ROUNDUP/Aktien Europa Schluss: Gedämpfte Stimmung wegen Kriegssorgen
Die Sorgen wegen des Iran-Kriegs
haben am Montag weiterhin das Interesse der Anleger an europäischen
Aktien gedämpft. Der EuroStoxx 50 verharrte in seiner
Spanne von 6.200 und 6.300 Punkten, in der sich der
Eurozonen-Leitindex schon fast zwei Wochen bewegt. Am oberen Ende
dieses Bereichs bleibt die 21-Tage-Linie für ihn eine Hürde. Aus dem
Handel ging er 0,06 Prozent niedriger bei 6.227,40 Zählern.
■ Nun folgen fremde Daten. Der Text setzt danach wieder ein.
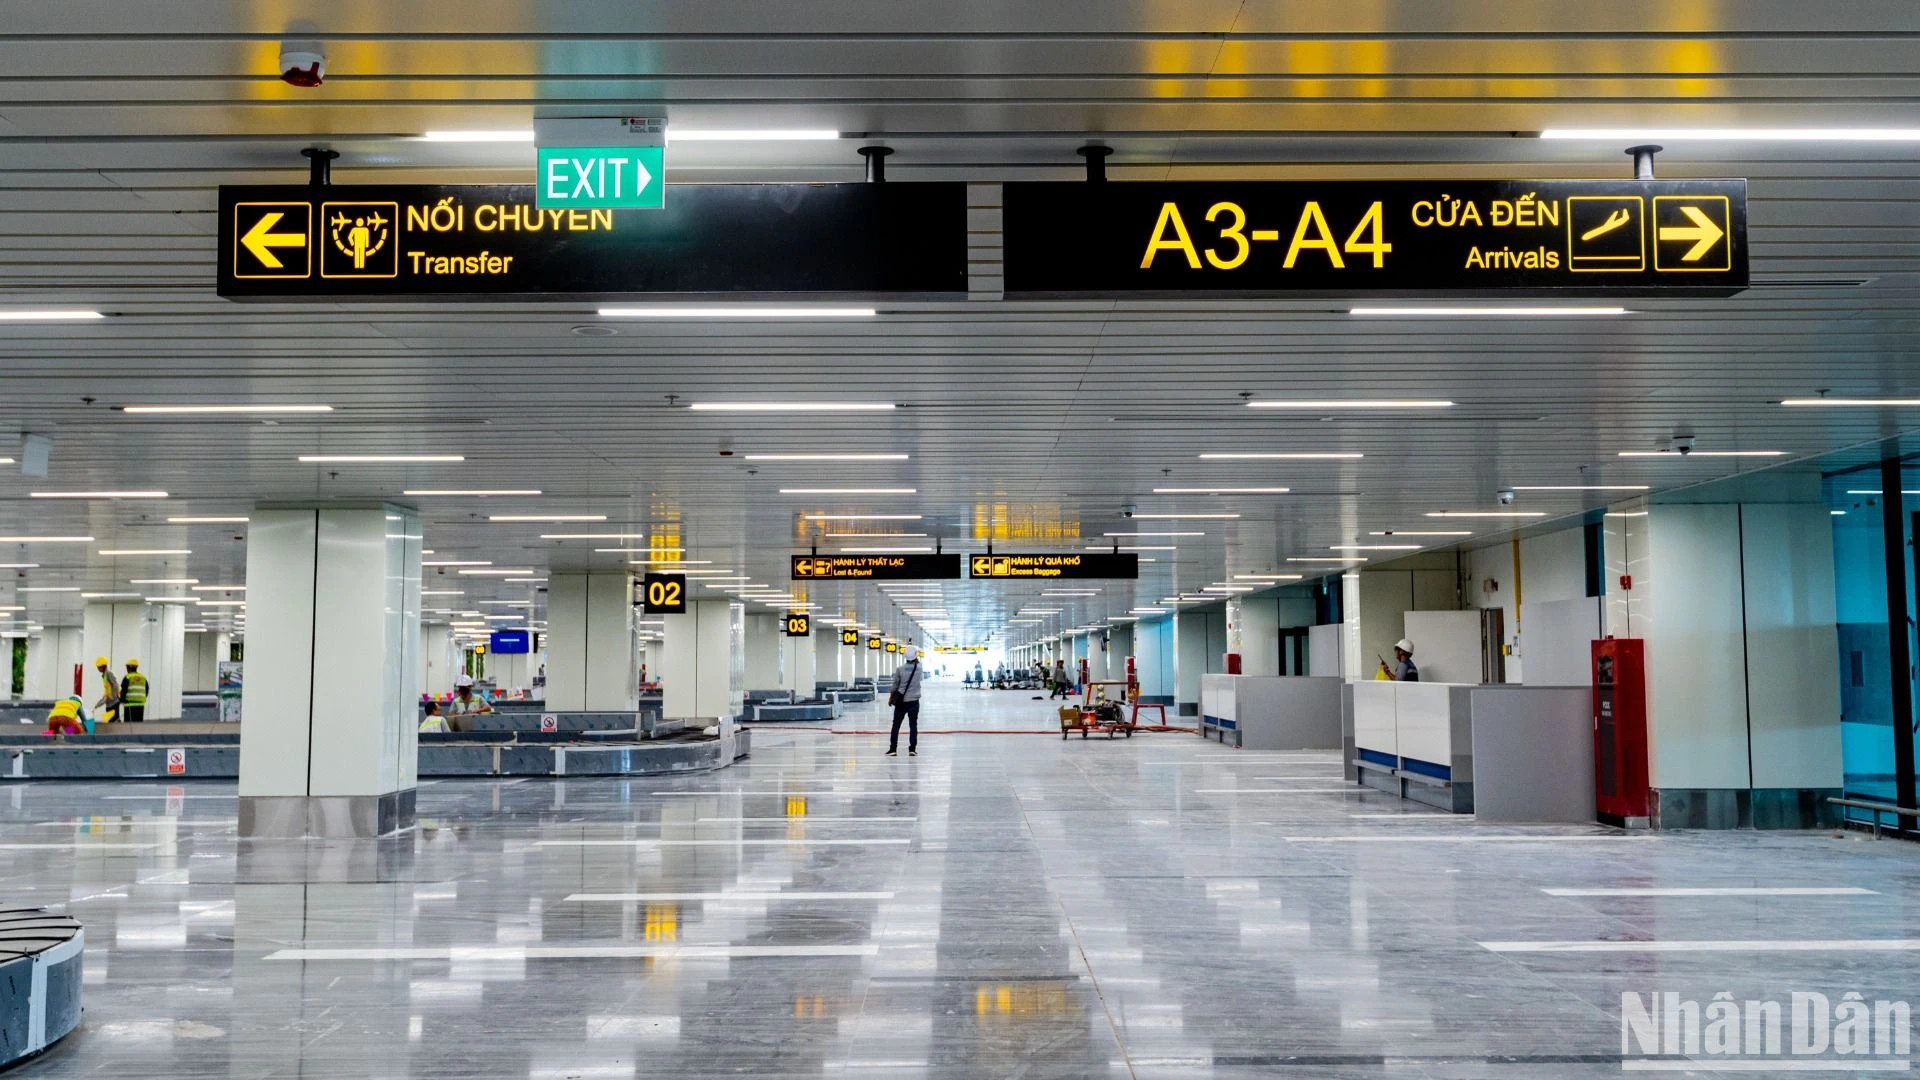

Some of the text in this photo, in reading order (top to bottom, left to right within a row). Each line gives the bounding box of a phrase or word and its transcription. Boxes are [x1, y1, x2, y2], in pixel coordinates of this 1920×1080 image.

[547, 158, 628, 198] EXIT
[407, 197, 463, 231] NỐI
[1411, 192, 1559, 226] CỬA ĐẾN
[1140, 201, 1392, 269] A3-A4
[407, 251, 513, 274] Transfer
[1465, 246, 1560, 268] Arrivals
[649, 581, 681, 606] 02
[788, 618, 807, 633] 03
[844, 632, 857, 643] 04
Die USA haben die neunte Nacht in Folge Ziele im Iran bombardiert
und Teheran setzte seine Vergeltungsangriffe fort. Die Ölpreise
reagierten im Tagesverlauf mit deutlichen Schwankungen, denn
erstmals seit Tagen gab es auch wieder Anzeichen für eine mögliche
diplomatische Annäherung. Derweil hat die mit dem Iran verbündete
Huthi-Miliz im Jemen erneut mit Angriffen in der Region gedroht und
eine "Blockade" für Schiffe aus Saudi-Arabien angekündigt.
Außerhalb des Euroraums waren die Verluste an zwei bedeutenden
Länderbörsen deutlicher. Der schweizerische SMI gab
um 0,62 Prozent auf 14.254,36 Punkte nach, während der britische
FTSE 100 um 0,71 Prozent auf 10.524,76 Zähler sank.
Im Vereinigten Königreich stand die Ernennung von Andy Burnham zum
neuen Premierminister nachrichtlich im Mittelpunkt.
Auf Sektorenebene gab es in der Ölbranche vor dem
Hintergrund der jüngsten Ereignisse in Nahost die größten Gewinne.
Mit knapp positiven Vorzeichen konnten noch europäische
Technologiewerte aufwarten, womit sie einer Erholung bei
US-Chipwerten folgten. Im Bankensektor half ein
Anstieg um 1,3 Prozent bei BNP Paribas . Die Analysten
von Jefferies sind optimistisch mit Blick auf die Zahlen der
Franzosen für das zweite Quartal.
Schwach waren Reise- und Freizeitwerte , bei denen
sich die Ölpreis-Schwankungen negativ bemerkbar machten. Das teure
Kerosin zu spüren bekommt bereits der irische Billigflieger Ryanair
, dessen Quartalsgewinn deutlich hinter den
Erwartungen zurückblieb. Dies brachte den Aktienkurs
spürbar unter Druck.
Der Flugbranche angeschlossen gehörten die Airbus
-Aktien mit minus 1,3 Prozent zu den größeren
EuroStoxx-Verlierern. In Farnborough bei London begann die jährliche
Luftfahrtmesse, auf der gerne neue Aufträge vermeldet werden.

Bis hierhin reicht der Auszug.